Basic Committor/Shooting Point Analysis

This notebook shows some basics on how to use the committor simulation and how to use the shooting point analysis. A more detailed example, showing how to perform a committor analysis on alanine dipeptide based on the results of a TPS simulation, is included in this example.

committors

In [1]:

%matplotlib inline
import matplotlib.pyplot as plt
import openpathsampling as paths
import openpathsampling.engines.toy as toys
import numpy as np
import pandas as pd

Committors and Shooting Point Analysis¶

There are several ways that we can calculate committors. This deals with two, in particular.

First, we frequently want to run a committor from some specific snapshots. For example, you have a transition trajectory, and you want a sense of where the barrier is. So you select 10-20 frames from the trajectory, and run each of them 10-20 times with random velocities to see which states they end up in. The first section of this document describes how to do that process for any list of snapshots.

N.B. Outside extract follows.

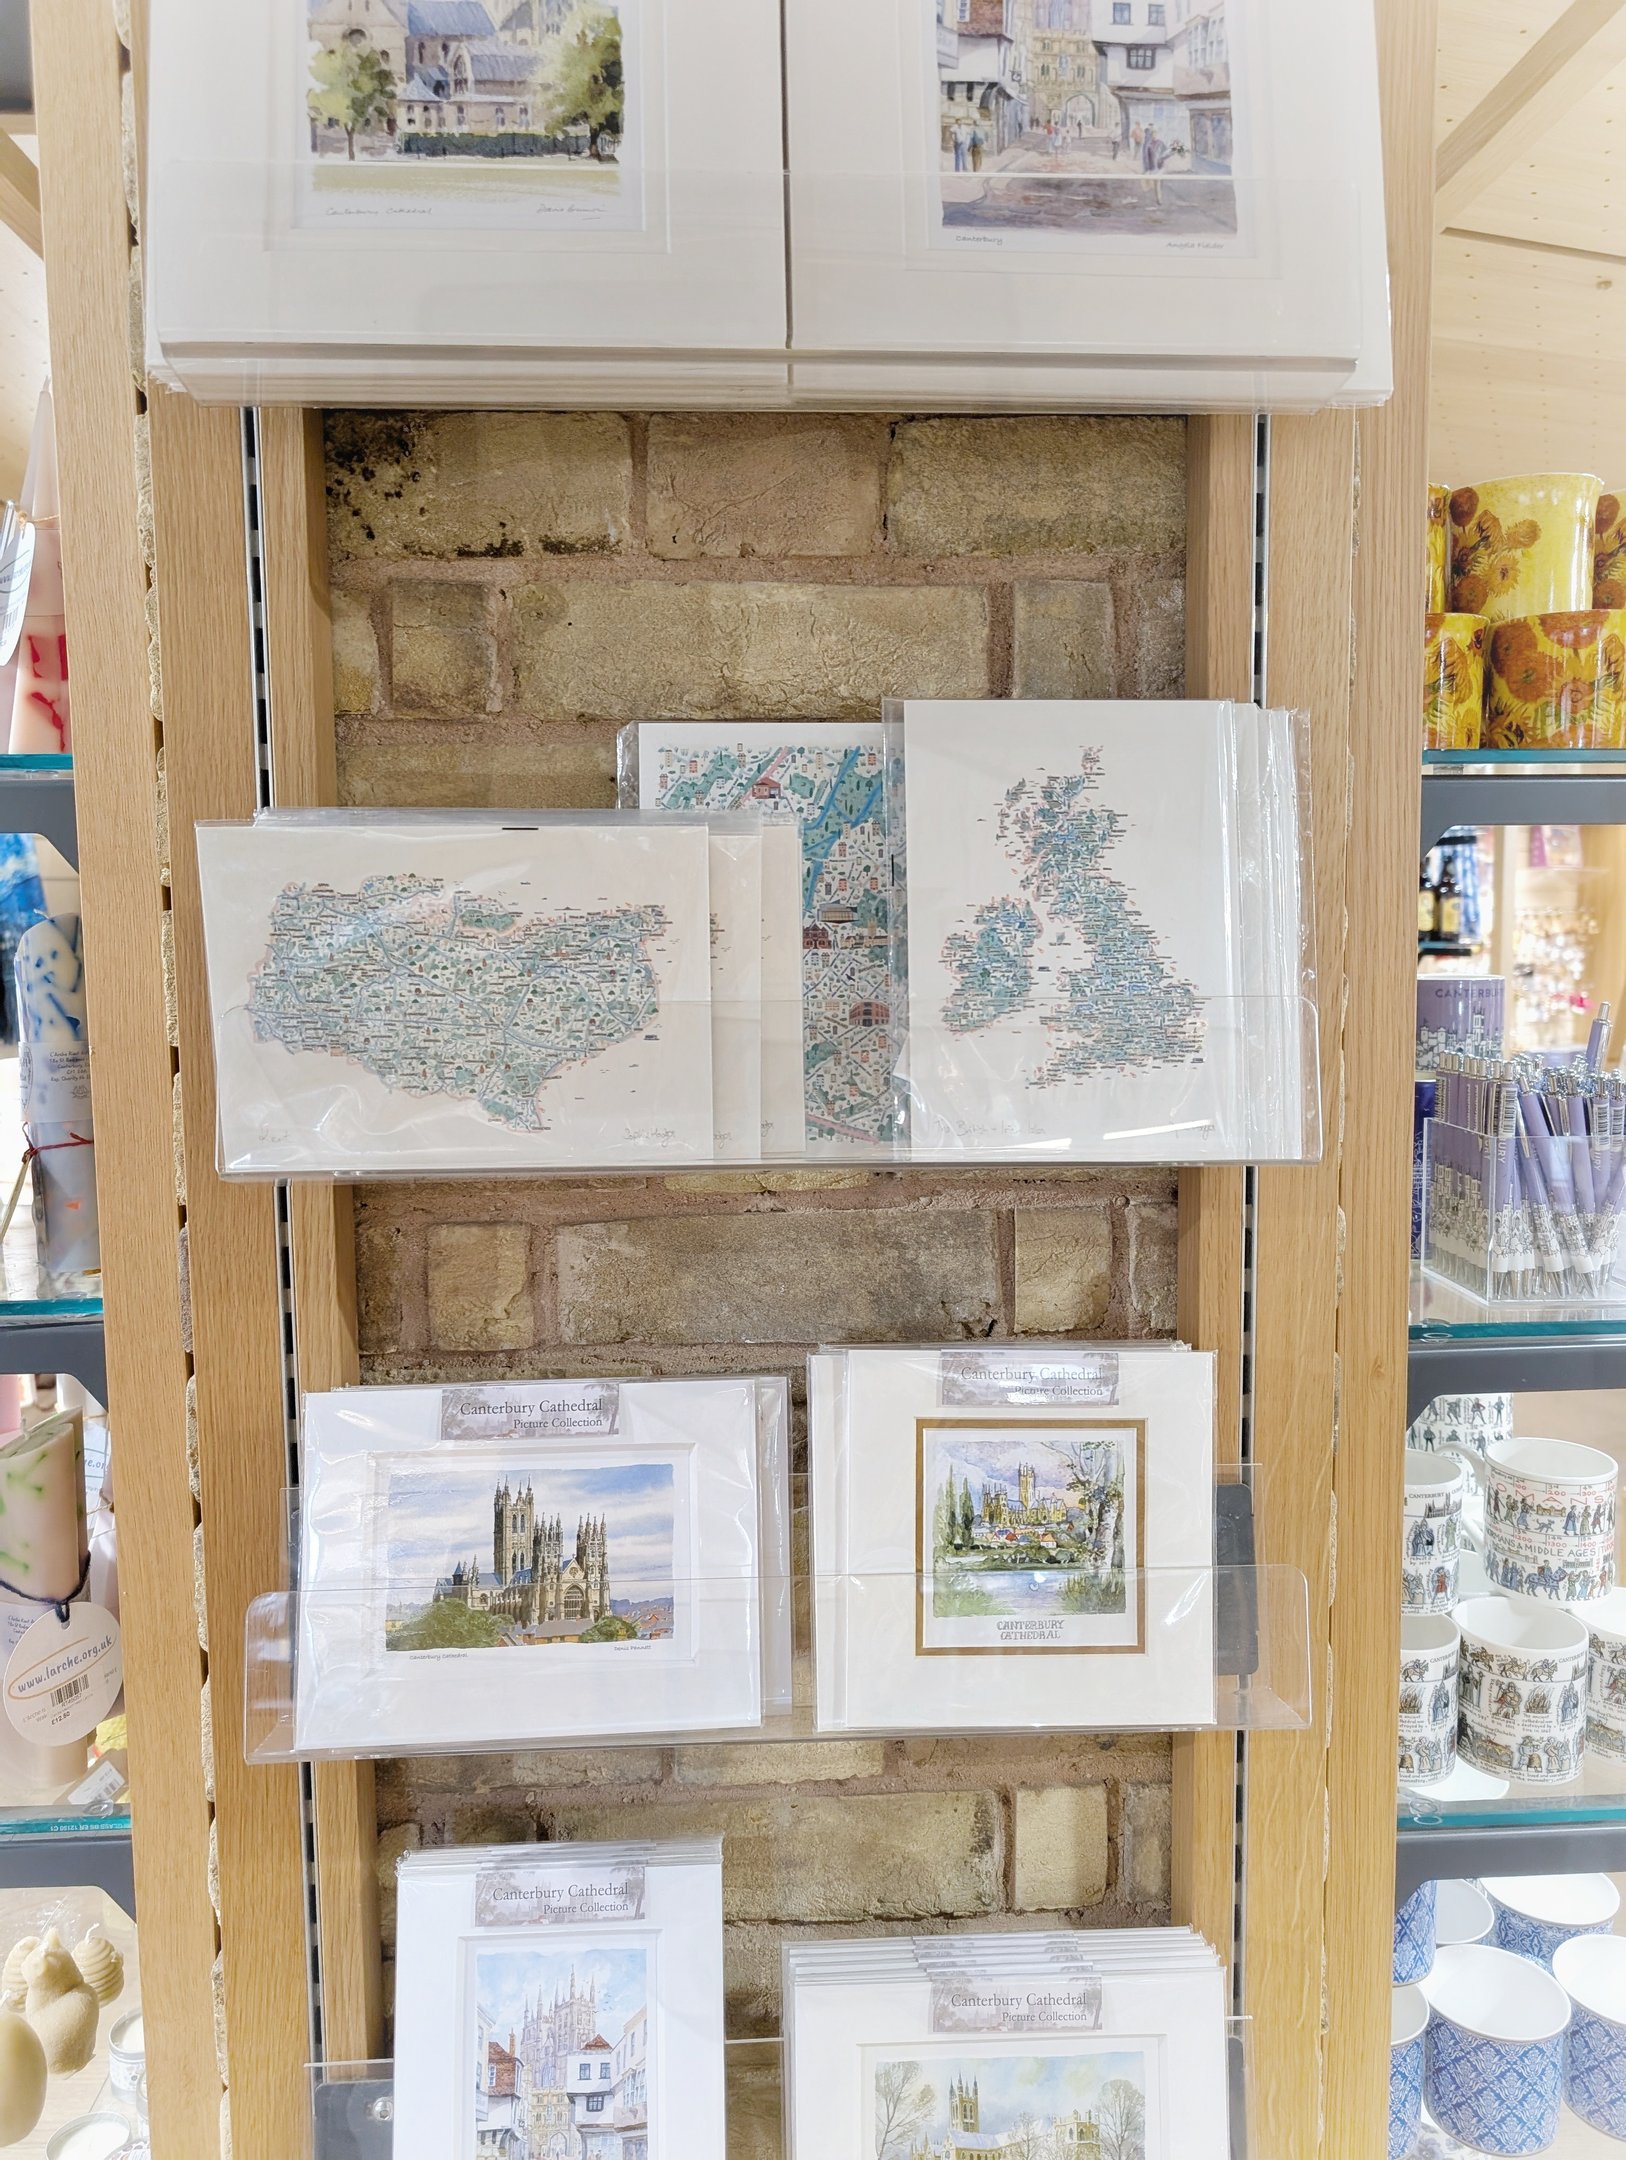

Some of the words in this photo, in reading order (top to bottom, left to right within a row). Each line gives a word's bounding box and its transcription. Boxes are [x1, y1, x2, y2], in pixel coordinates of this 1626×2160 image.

Second, we frequently want to plot the committor as a function of some collective variable(s). In this case, we can histogram a bunch of committor shots according to the desired CVs. And, since every shooting move is essentially a committor trial, we can histogram all the shooting points from a normal path sampling calculation to obtain the committor landscape. This is what we do in the second section of this document.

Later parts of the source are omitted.